Data provided »
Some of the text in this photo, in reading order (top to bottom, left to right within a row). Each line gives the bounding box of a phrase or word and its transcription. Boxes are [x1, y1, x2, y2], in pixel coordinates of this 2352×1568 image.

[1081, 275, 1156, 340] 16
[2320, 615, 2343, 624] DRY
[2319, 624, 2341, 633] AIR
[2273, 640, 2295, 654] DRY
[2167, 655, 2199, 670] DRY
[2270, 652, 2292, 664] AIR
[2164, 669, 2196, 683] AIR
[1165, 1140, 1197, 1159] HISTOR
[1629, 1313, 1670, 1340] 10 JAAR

* * *

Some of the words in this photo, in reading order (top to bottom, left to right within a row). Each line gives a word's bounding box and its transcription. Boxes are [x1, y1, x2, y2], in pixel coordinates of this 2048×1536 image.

--

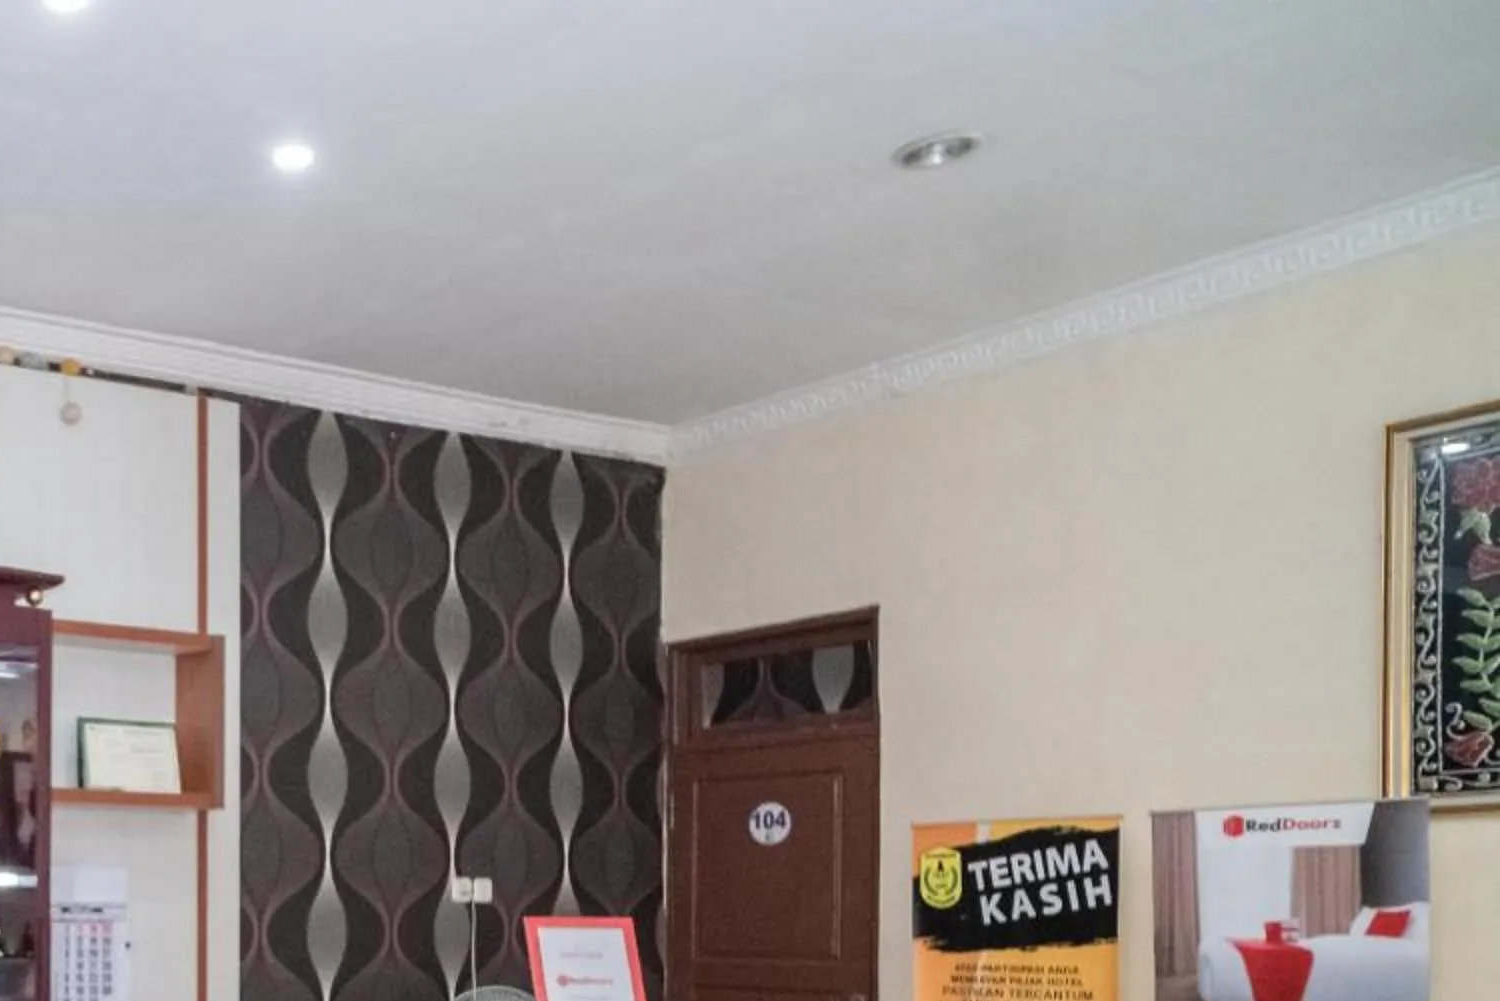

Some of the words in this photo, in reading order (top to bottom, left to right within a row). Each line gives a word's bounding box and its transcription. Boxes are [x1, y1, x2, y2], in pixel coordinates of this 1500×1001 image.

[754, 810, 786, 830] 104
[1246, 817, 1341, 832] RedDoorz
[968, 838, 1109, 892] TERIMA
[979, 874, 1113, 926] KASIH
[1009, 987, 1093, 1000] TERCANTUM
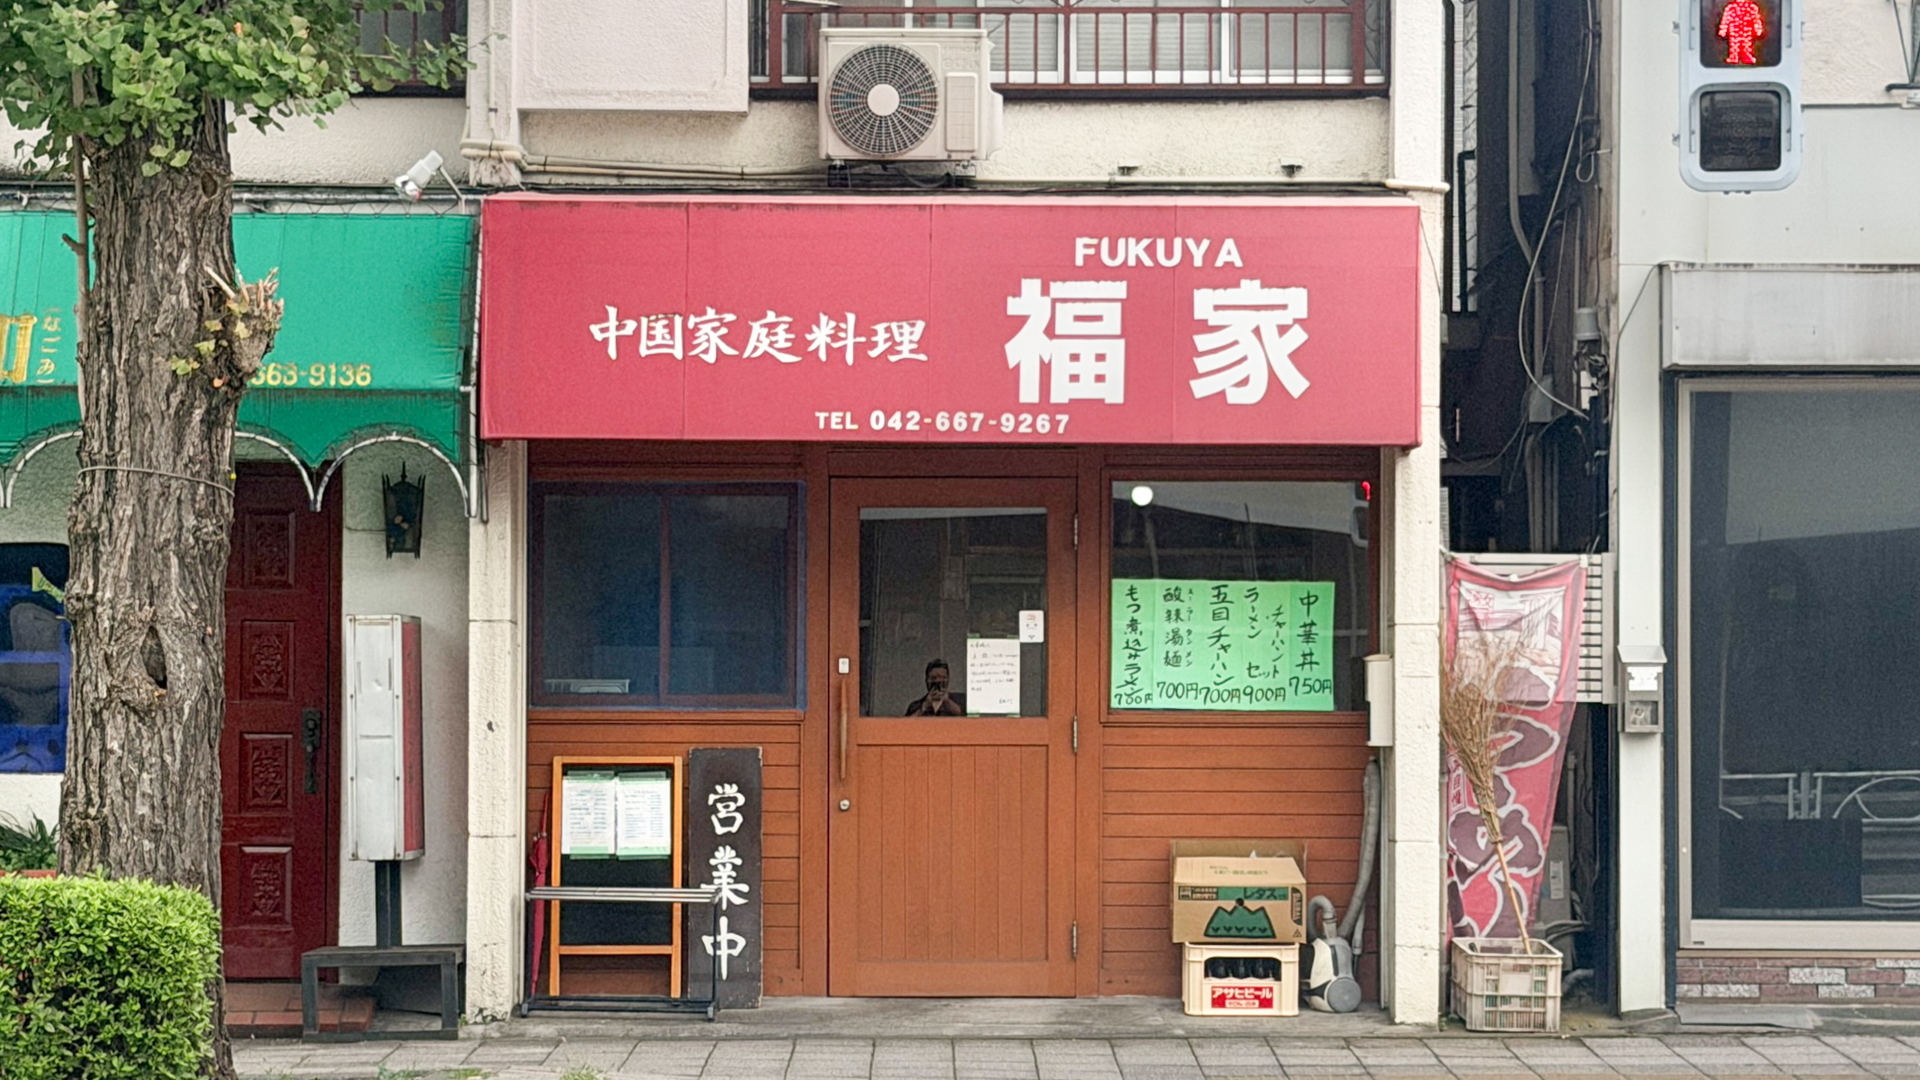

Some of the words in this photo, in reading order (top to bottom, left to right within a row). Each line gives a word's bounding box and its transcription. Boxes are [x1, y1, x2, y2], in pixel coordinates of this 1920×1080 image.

Exercise requirements »
Give back exactly the lines above that run from the one with "this 1500×1001 image." to the one with "this 1920×1080 image.", including both, with the pictures left out.

Solution to the exercise »
Some of the words in this photo, in reading order (top to bottom, left to right within a row). Each line gives a word's bounding box and its transcription. Boxes are [x1, y1, x2, y2], in pixel coordinates of this 1500×1001 image.

[754, 810, 786, 830] 104
[1246, 817, 1341, 832] RedDoorz
[968, 838, 1109, 892] TERIMA
[979, 874, 1113, 926] KASIH
[1009, 987, 1093, 1000] TERCANTUM

Some of the words in this photo, in reading order (top to bottom, left to right within a row). Each line gives a word's bounding box and its transcription. Boxes are [x1, y1, x2, y2], in pixel coordinates of this 1920×1080 image.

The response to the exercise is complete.